=== RECORDED INFORMATION ===

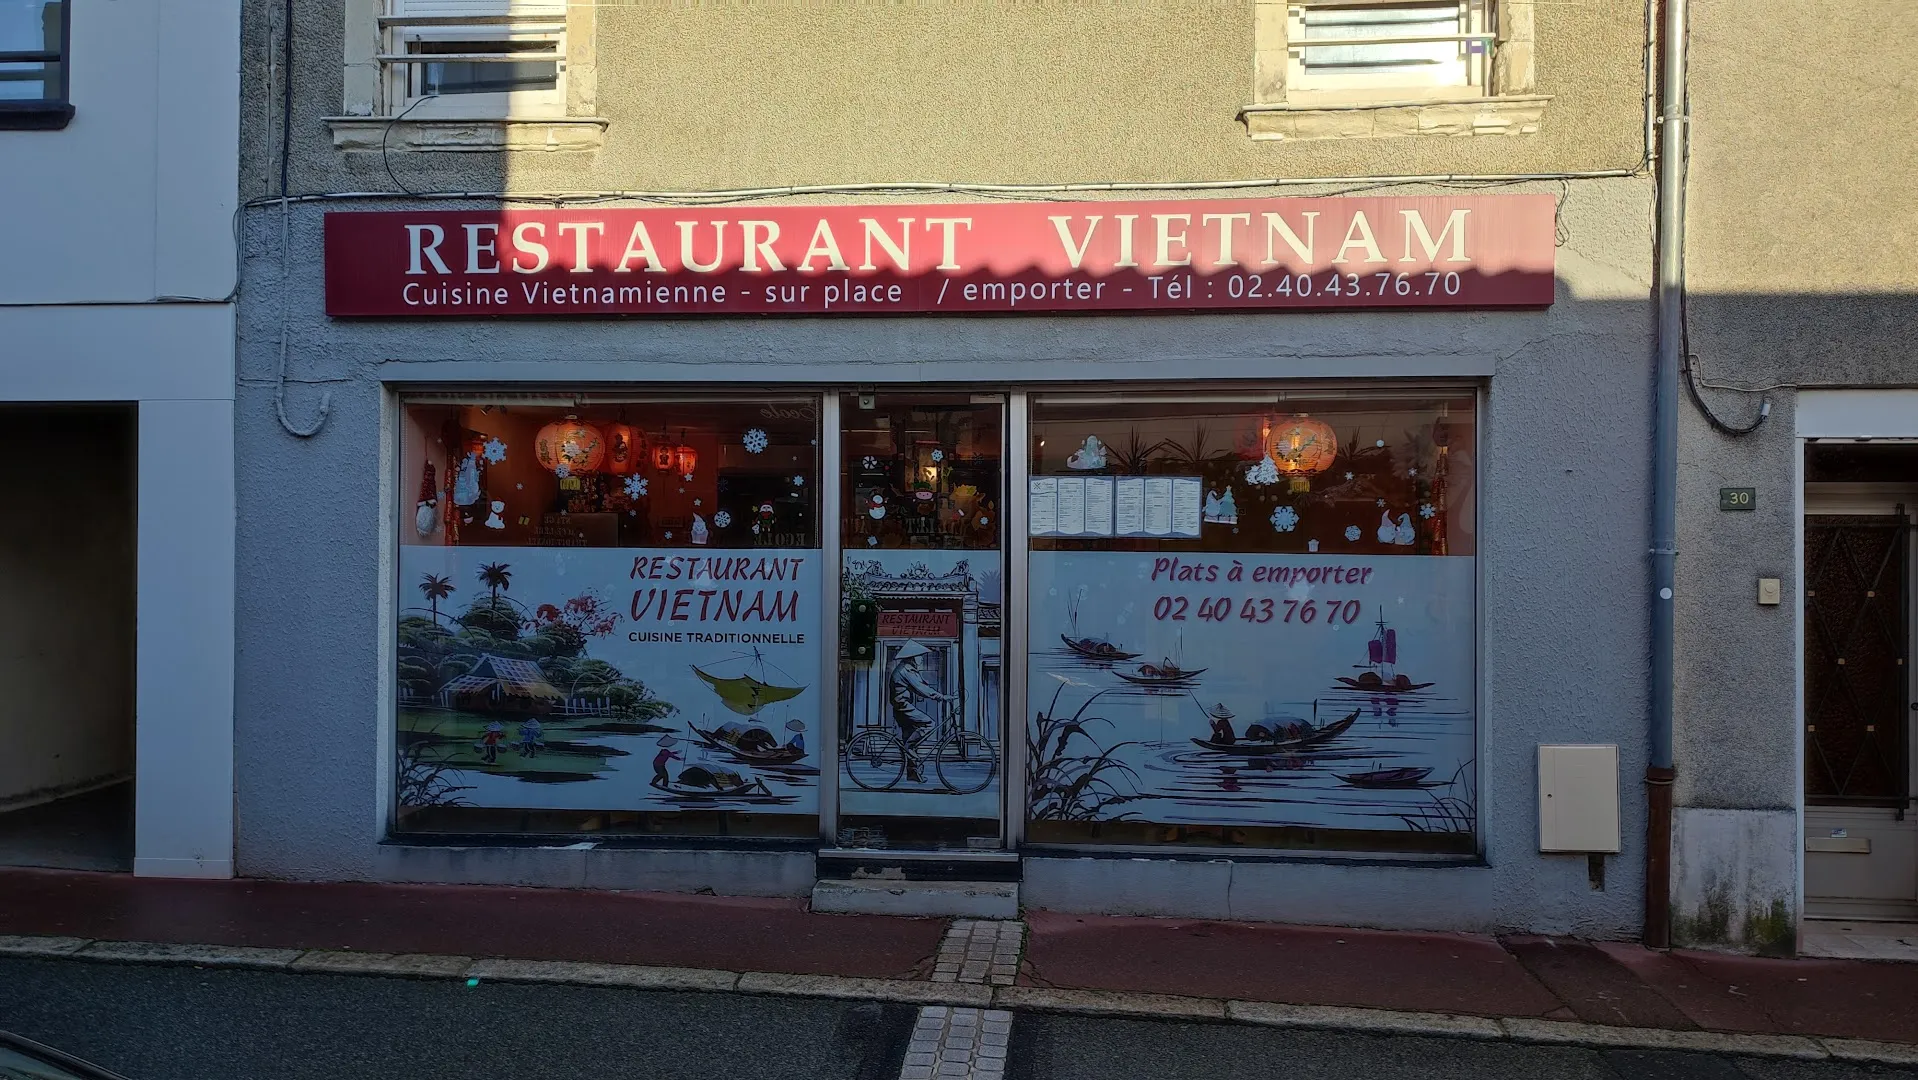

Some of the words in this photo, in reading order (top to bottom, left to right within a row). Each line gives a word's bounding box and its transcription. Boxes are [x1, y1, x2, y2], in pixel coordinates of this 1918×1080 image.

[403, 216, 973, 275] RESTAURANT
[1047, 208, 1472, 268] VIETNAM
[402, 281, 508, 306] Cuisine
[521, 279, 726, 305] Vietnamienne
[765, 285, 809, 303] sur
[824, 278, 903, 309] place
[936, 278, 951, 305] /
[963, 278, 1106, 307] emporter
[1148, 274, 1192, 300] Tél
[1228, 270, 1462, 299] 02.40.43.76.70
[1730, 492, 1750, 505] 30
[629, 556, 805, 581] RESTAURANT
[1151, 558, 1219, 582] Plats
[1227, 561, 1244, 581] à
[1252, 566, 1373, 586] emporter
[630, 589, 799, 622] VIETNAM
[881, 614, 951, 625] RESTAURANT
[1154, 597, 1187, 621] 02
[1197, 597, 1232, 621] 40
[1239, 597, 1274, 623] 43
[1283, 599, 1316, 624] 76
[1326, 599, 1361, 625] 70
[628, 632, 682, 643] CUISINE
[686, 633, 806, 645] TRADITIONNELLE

===

DESCRIPTION OF THE TASK = Your task is to repeat the data above exactly while excluding the pictures.

FINISHED EXERCISE =
Some of the words in this photo, in reading order (top to bottom, left to right within a row). Each line gives a word's bounding box and its transcription. Boxes are [x1, y1, x2, y2], in pixel coordinates of this 1918×1080 image.

[403, 216, 973, 275] RESTAURANT
[1047, 208, 1472, 268] VIETNAM
[402, 281, 508, 306] Cuisine
[521, 279, 726, 305] Vietnamienne
[765, 285, 809, 303] sur
[824, 278, 903, 309] place
[936, 278, 951, 305] /
[963, 278, 1106, 307] emporter
[1148, 274, 1192, 300] Tél
[1228, 270, 1462, 299] 02.40.43.76.70
[1730, 492, 1750, 505] 30
[629, 556, 805, 581] RESTAURANT
[1151, 558, 1219, 582] Plats
[1227, 561, 1244, 581] à
[1252, 566, 1373, 586] emporter
[630, 589, 799, 622] VIETNAM
[881, 614, 951, 625] RESTAURANT
[1154, 597, 1187, 621] 02
[1197, 597, 1232, 621] 40
[1239, 597, 1274, 623] 43
[1283, 599, 1316, 624] 76
[1326, 599, 1361, 625] 70
[628, 632, 682, 643] CUISINE
[686, 633, 806, 645] TRADITIONNELLE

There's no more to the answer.